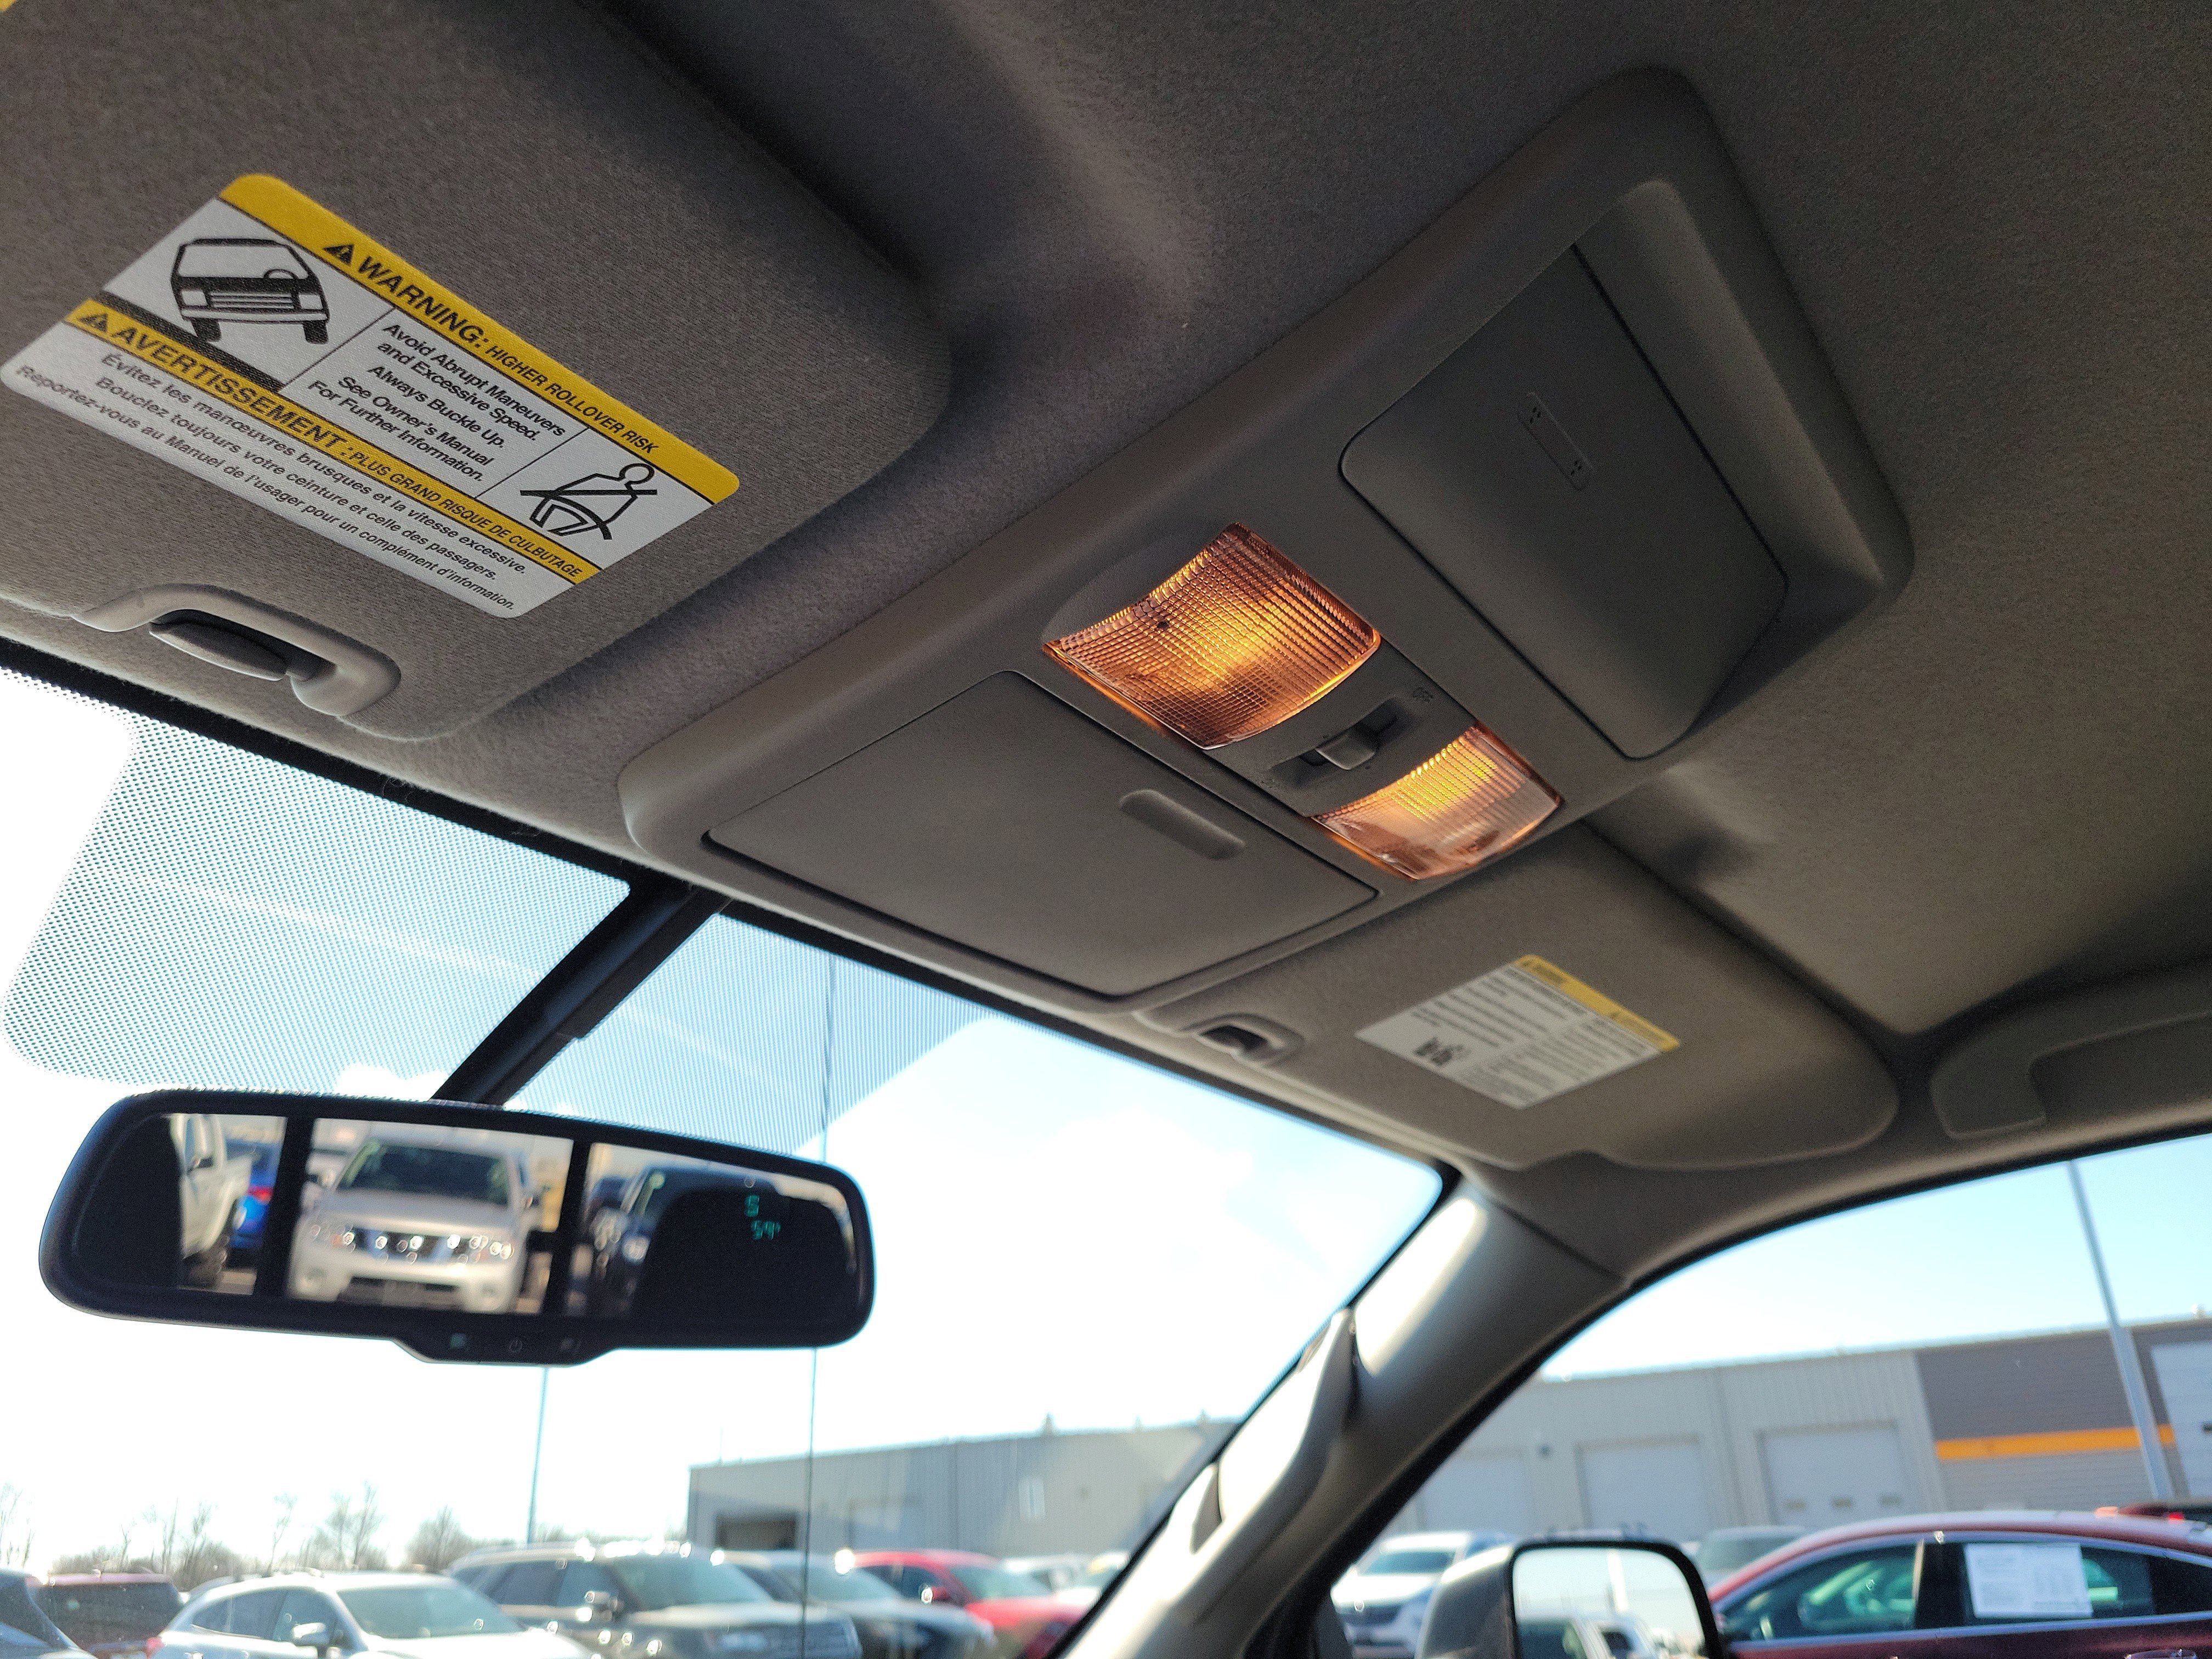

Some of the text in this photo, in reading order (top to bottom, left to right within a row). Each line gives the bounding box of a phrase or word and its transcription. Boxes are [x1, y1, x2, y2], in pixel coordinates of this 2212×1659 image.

[358, 256, 659, 454] WARNING: HIGHER ROLLOVER RISK
[366, 366, 505, 448] Always Buckle Up.
[377, 343, 540, 441] and Excessive Speed.
[382, 324, 566, 436] Avoid Abrupt Maneuvers
[17, 365, 140, 428] Reportez-vous
[140, 426, 165, 439] au
[165, 435, 227, 468] Manuel
[223, 466, 245, 478] de
[301, 505, 341, 523] pour
[338, 521, 359, 534] un
[358, 531, 439, 571] complément
[95, 377, 496, 580] Bouclez toujours votre ceinture et celle des passagers.
[101, 354, 526, 574] Évitez les manœuvres brusques et la vitesse excessive.
[307, 380, 483, 482] For Further Information.
[338, 376, 495, 466] See Owner's Manual
[348, 452, 391, 476] PLUS
[389, 473, 442, 502] GRAND
[438, 498, 493, 528] RISQUE
[488, 524, 512, 538] DE
[508, 535, 583, 577] CULBUTAGE
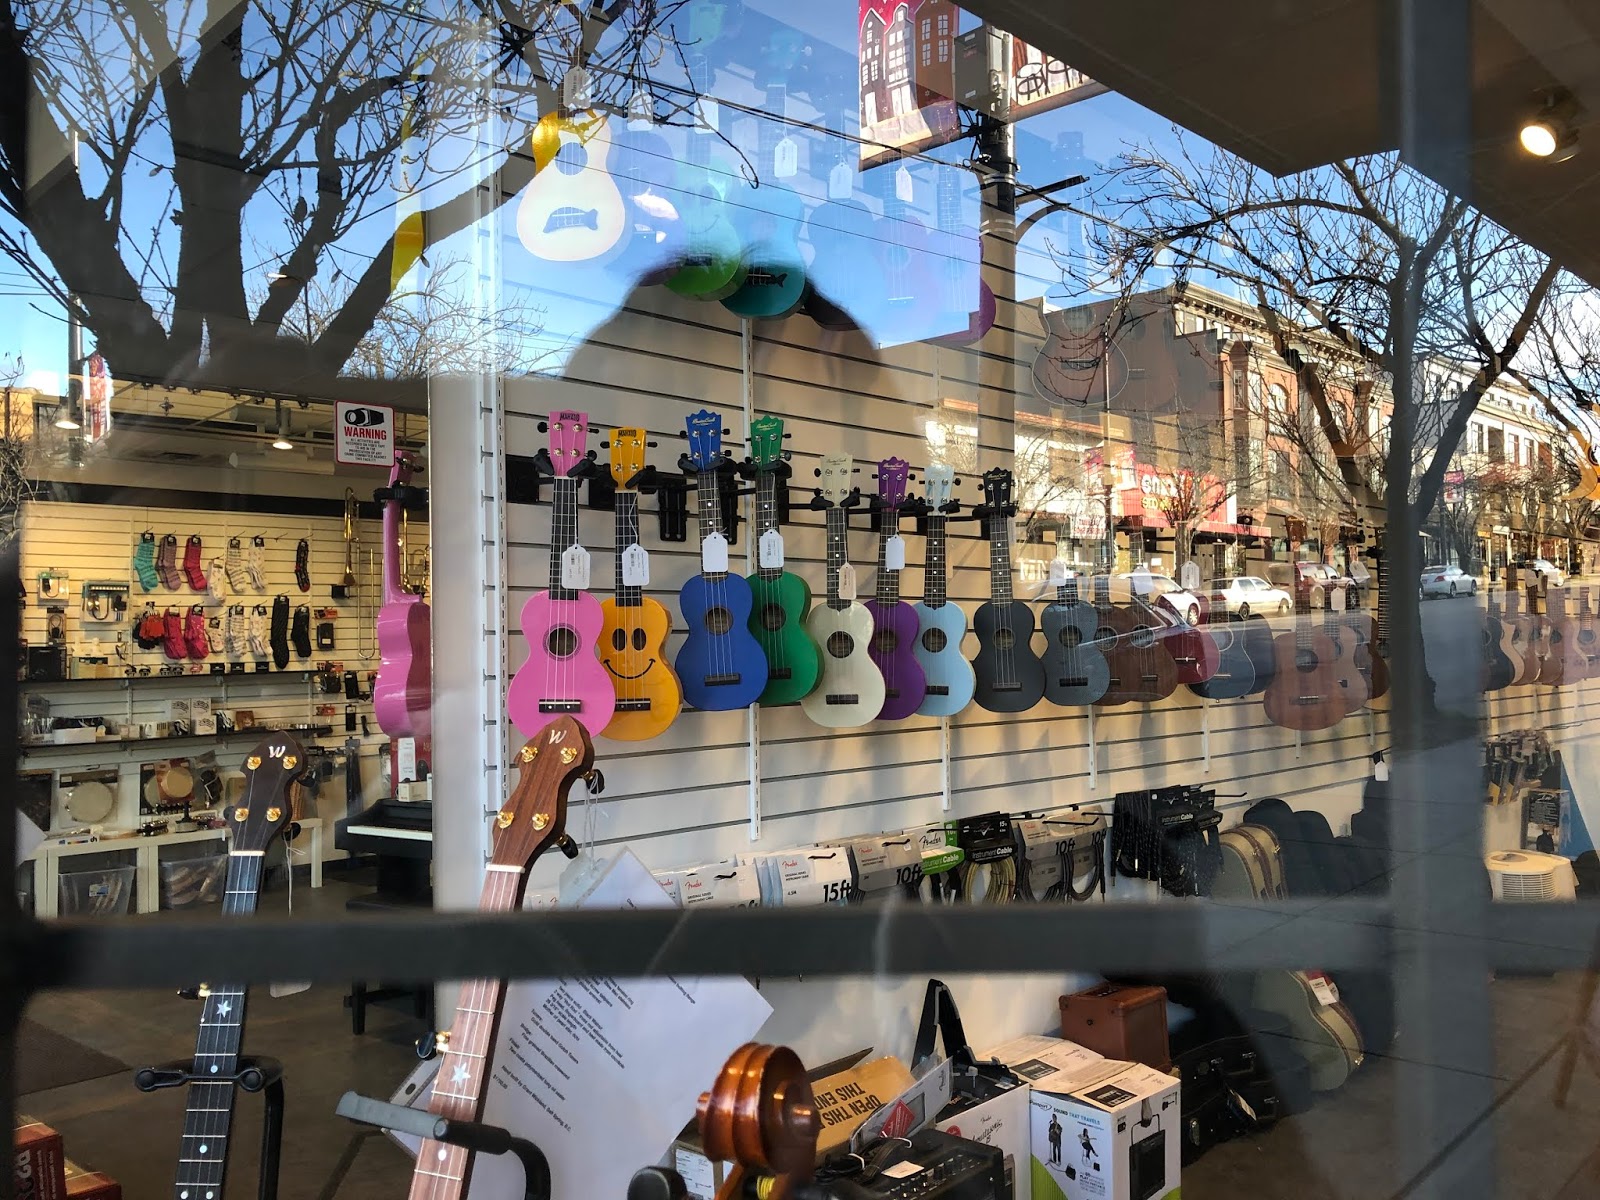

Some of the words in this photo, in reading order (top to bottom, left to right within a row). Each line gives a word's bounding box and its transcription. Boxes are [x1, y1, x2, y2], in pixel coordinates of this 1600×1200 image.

[344, 426, 387, 440] WARNING
[1180, 812, 1194, 820] Cable
[919, 833, 942, 849] Fender
[1055, 838, 1076, 856] 10ft
[943, 853, 960, 863] Cable
[972, 849, 997, 859] Instrument
[996, 846, 1013, 854] Cable
[896, 863, 923, 885] 10ft
[823, 880, 852, 903] 15ft
[835, 1082, 867, 1102] THIS
[848, 1094, 882, 1116] OPEN
[822, 1106, 853, 1126] THIS
[1053, 1107, 1069, 1116] SOUND
[1081, 1115, 1101, 1126] TRAVELS
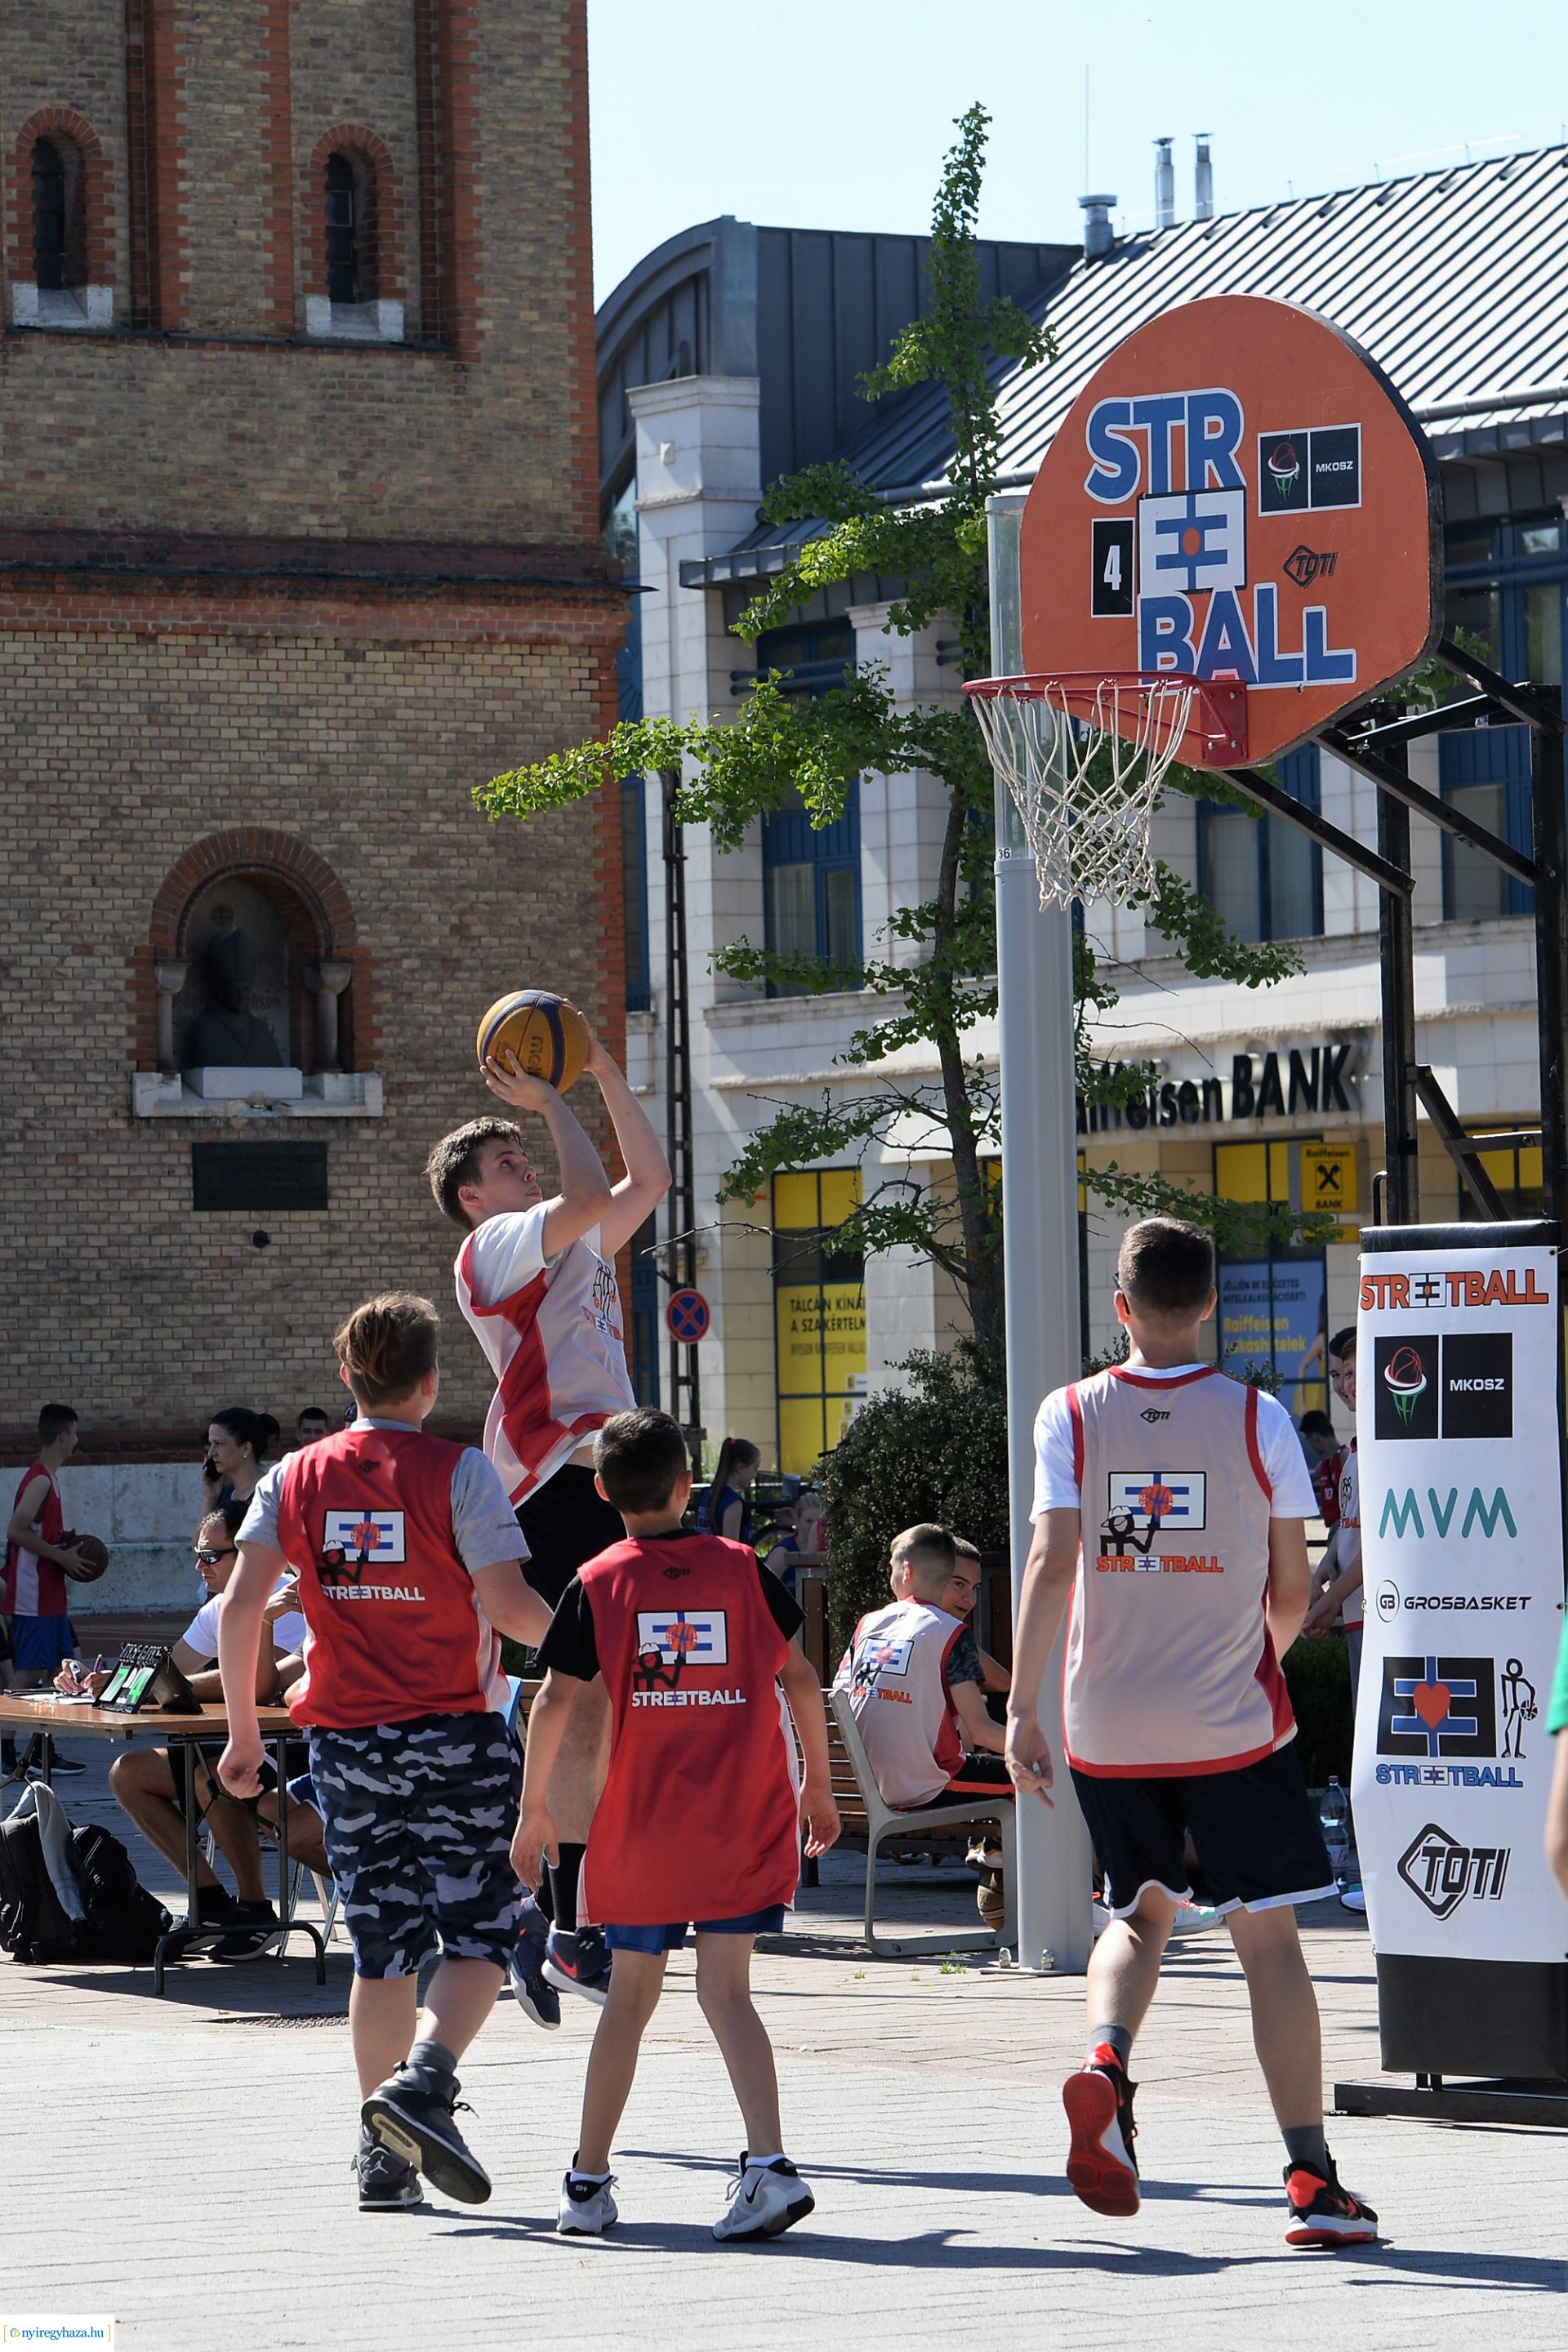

Goal of the exercise: Pictures in the records must not appear in the copy; transcribe everything else precisely.

Response to this exercise:
Some of the text in this photo, in reading order (top to bottom, left to right within a row). Each line gives the bounding box of a phrase or word and its transcription. Boxes are [x1, y1, x2, y2], in pixel coordinates of this 2212×1659 image.

[358, 256, 659, 454] WARNING: HIGHER ROLLOVER RISK
[366, 366, 505, 448] Always Buckle Up.
[377, 343, 540, 441] and Excessive Speed.
[382, 324, 566, 436] Avoid Abrupt Maneuvers
[17, 365, 140, 428] Reportez-vous
[140, 426, 165, 439] au
[165, 435, 227, 468] Manuel
[223, 466, 245, 478] de
[301, 505, 341, 523] pour
[338, 521, 359, 534] un
[358, 531, 439, 571] complément
[95, 377, 496, 580] Bouclez toujours votre ceinture et celle des passagers.
[101, 354, 526, 574] Évitez les manœuvres brusques et la vitesse excessive.
[307, 380, 483, 482] For Further Information.
[338, 376, 495, 466] See Owner's Manual
[348, 452, 391, 476] PLUS
[389, 473, 442, 502] GRAND
[438, 498, 493, 528] RISQUE
[488, 524, 512, 538] DE
[508, 535, 583, 577] CULBUTAGE

Some of the words in this photo, in reading order (top to bottom, left to right within a row). Each line gives a word's bounding box and its transcription. Boxes are [x1, y1, x2, y2], in pixel coordinates of this 1600×1200 image.

[344, 426, 387, 440] WARNING
[1180, 812, 1194, 820] Cable
[919, 833, 942, 849] Fender
[1055, 838, 1076, 856] 10ft
[943, 853, 960, 863] Cable
[972, 849, 997, 859] Instrument
[996, 846, 1013, 854] Cable
[896, 863, 923, 885] 10ft
[823, 880, 852, 903] 15ft
[835, 1082, 867, 1102] THIS
[848, 1094, 882, 1116] OPEN
[822, 1106, 853, 1126] THIS
[1053, 1107, 1069, 1116] SOUND
[1081, 1115, 1101, 1126] TRAVELS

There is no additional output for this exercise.